You can imagine my surprise then when Drakey walked into my room during the 1987 RWC campaign, sat down on the bed opposite and said,
“Kirky I’ve been thinking about it and I think this game – it was the semi-final against Wales in Brisbane – is going to be a good one for me to kick a drop goal.“
After I stopped laughing, I booted him out and told him to focus on his scrummaging and lineouts and forget about the drop goals. We started the game the next day well. Smashing Wales backwards in the first scrum. At the next break Drakey came up to me and said,
“Kirky, this it. We’re gunna beat these guys easy. I’ll give you the call. Drop goal.“
I ignored him.
Well the game went on and then a celebrated incident occurred. We were winning easily and as Wales kicked off and Gary Whetton took the ball down, from the kick-off he elbowed Huw Morgan, a Welsh second rower. Huw flared up and threw a couple of punches at Whetton. Buck Shelford decided to get involved and landed a right hook on Huw’s jaw, which knocked him cold.
We all froze. This was the semi-final, Buck was a hugely important part of the team and if he were sent off he would miss the Final.
Huw Morgan had to be revived with smelling salts and when he was, he was sent off by the excellent Australian referee, Kerry Fitzgerald, for starting the fight. Buck was told he was a naughty boy and not to do it again.
During the period in which poor Huw was being revived Drakey came up to me and started on about the drop goal again. I waved him away. I hoped for the last time.
The match went on.
Then finally, last a few minutes from full time. We are hot on attack in the middle of the field, 22 metres out, and as the ball is coming back from the ruck I hear Drakey,
“Kirky! Kirky! This is it, right behind you, right behind you”.

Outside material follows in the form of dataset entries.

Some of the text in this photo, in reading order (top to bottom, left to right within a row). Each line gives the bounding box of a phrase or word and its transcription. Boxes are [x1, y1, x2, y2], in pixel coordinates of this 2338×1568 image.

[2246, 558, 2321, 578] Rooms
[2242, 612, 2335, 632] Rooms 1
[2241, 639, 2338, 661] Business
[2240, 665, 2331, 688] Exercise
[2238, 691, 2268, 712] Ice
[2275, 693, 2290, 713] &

I had Foxy screaming for the ball on the left, JK doing the same thing on the right and hear it comes, into my hands.
“Bugger it,” I thought, “I give it to him.”
So I turned to face behind me and there was Drakey … way back on the halfway line, 20 metres away. ‘Bloody deluded prop’, I thought, ‘not only does he think he can kick a drop goal. He thinks he can do it from halfway.’

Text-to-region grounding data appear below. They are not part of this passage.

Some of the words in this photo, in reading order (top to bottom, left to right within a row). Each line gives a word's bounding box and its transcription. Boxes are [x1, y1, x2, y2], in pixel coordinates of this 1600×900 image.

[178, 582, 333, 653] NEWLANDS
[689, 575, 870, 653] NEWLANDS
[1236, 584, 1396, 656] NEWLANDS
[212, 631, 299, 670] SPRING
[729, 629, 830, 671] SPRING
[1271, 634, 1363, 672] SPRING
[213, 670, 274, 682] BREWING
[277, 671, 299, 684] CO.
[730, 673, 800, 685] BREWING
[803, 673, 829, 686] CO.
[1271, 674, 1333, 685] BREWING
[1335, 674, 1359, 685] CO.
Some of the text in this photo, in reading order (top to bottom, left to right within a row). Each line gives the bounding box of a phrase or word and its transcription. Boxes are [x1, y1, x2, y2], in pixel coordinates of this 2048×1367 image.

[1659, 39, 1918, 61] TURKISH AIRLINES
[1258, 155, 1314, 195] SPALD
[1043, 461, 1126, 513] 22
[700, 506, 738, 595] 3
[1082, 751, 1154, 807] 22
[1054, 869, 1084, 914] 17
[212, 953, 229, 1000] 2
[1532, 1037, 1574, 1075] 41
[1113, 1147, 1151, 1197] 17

Anyway I went through with it. I fired him the ball and I remember thinking as the ball flew through the air, ‘This will be very cool if he gets it over.’

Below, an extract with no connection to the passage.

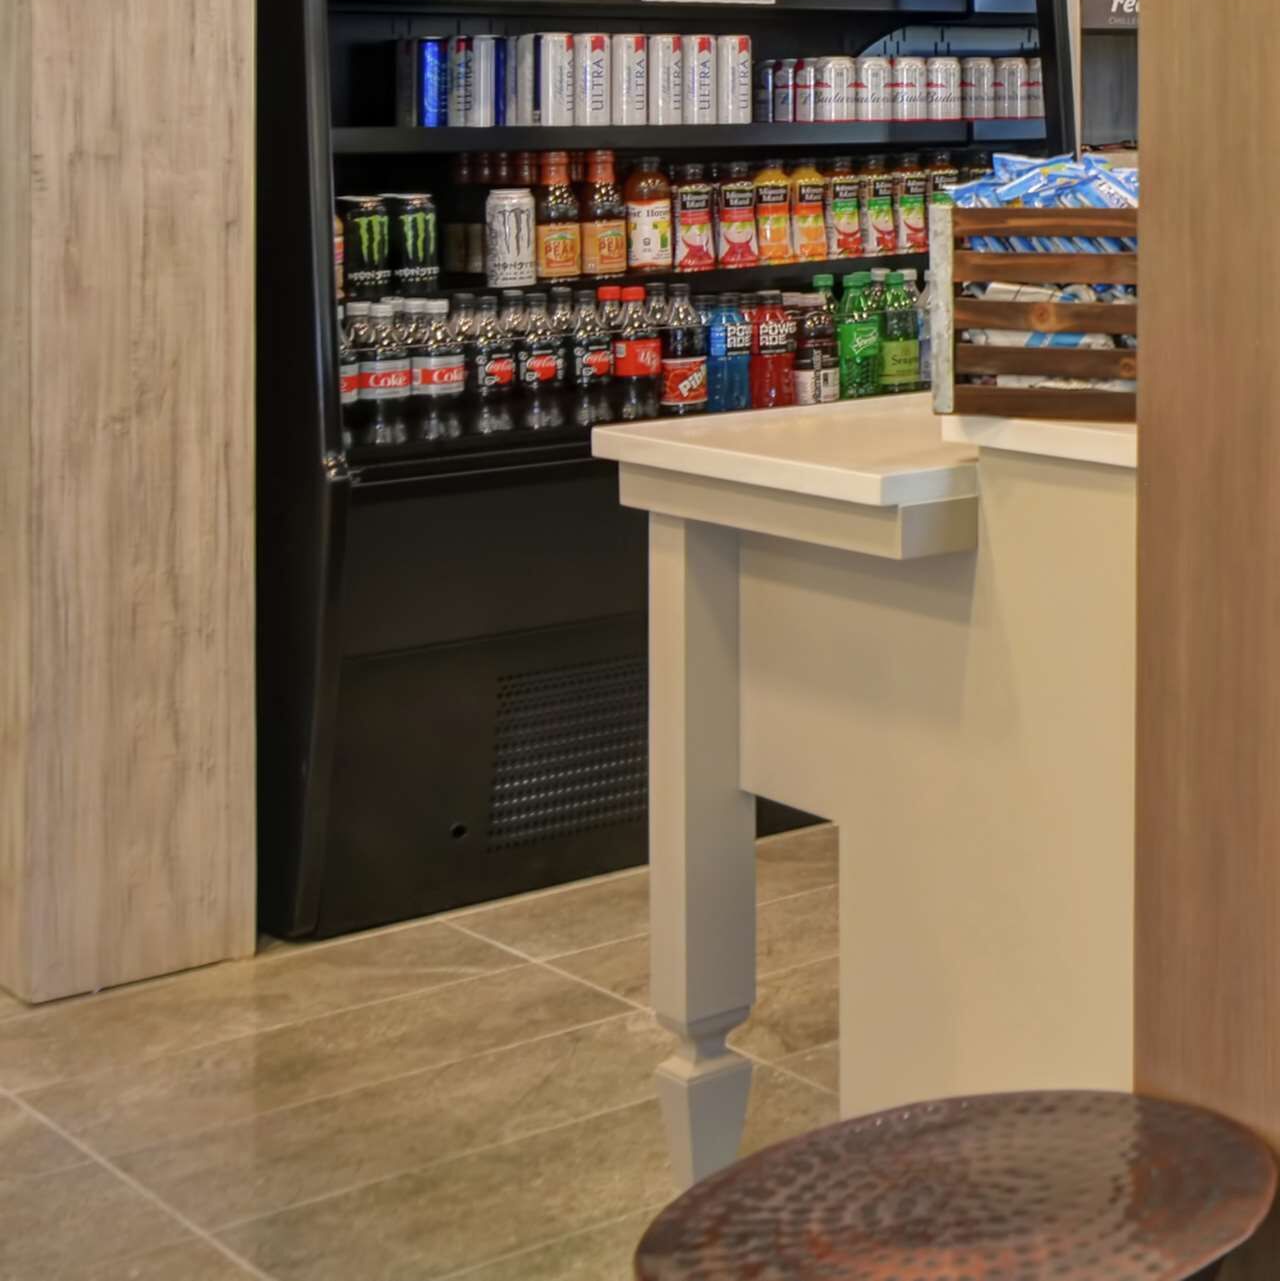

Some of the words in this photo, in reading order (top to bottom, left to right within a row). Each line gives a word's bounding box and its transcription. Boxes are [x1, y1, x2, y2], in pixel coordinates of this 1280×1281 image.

[591, 58, 604, 111] ULTRA
[699, 59, 711, 111] ULTRA
[369, 373, 409, 387] Coke

I think maybe he was thinking the same thing. Just as the ball arrived he looked up at the posts and thud! It hit him in the chest and he dropped it.
When I finished my rugby-playing career, at 26 years old, I just got on with the rest of my life. I went back to university and studied, got a good degree and a job. The rest is history.
I got a huge leg up from my rugby-playing career. I knew people, people knew me. My leadership credentials were taken for granted. But my success in my career after rugby has been based on being good at what I have done at the time: management consulting, public policy advising, corporate management, technology investing.
I have never traded on past success, always been prepared to start again, to put my head down and do the work necessary to succeed. I have always wanted to be judged against my peers of the day, never seen as a ‘former All Black’ and to have been judged to have done well … for a former All Black.
This is a great club. There is something special about playing for a University club. I never played for any other. The only Clubs I played for were Otago University, Auckland University and Oxford University.
Here you have the chance to enjoy, learn, build knowledge, gain experience and develop understanding.
To end I will repeat what I said earlier. Live your life in the present, fully committed to and engaged with whatever you are doing.
And if you can do that you won’t go far wrong.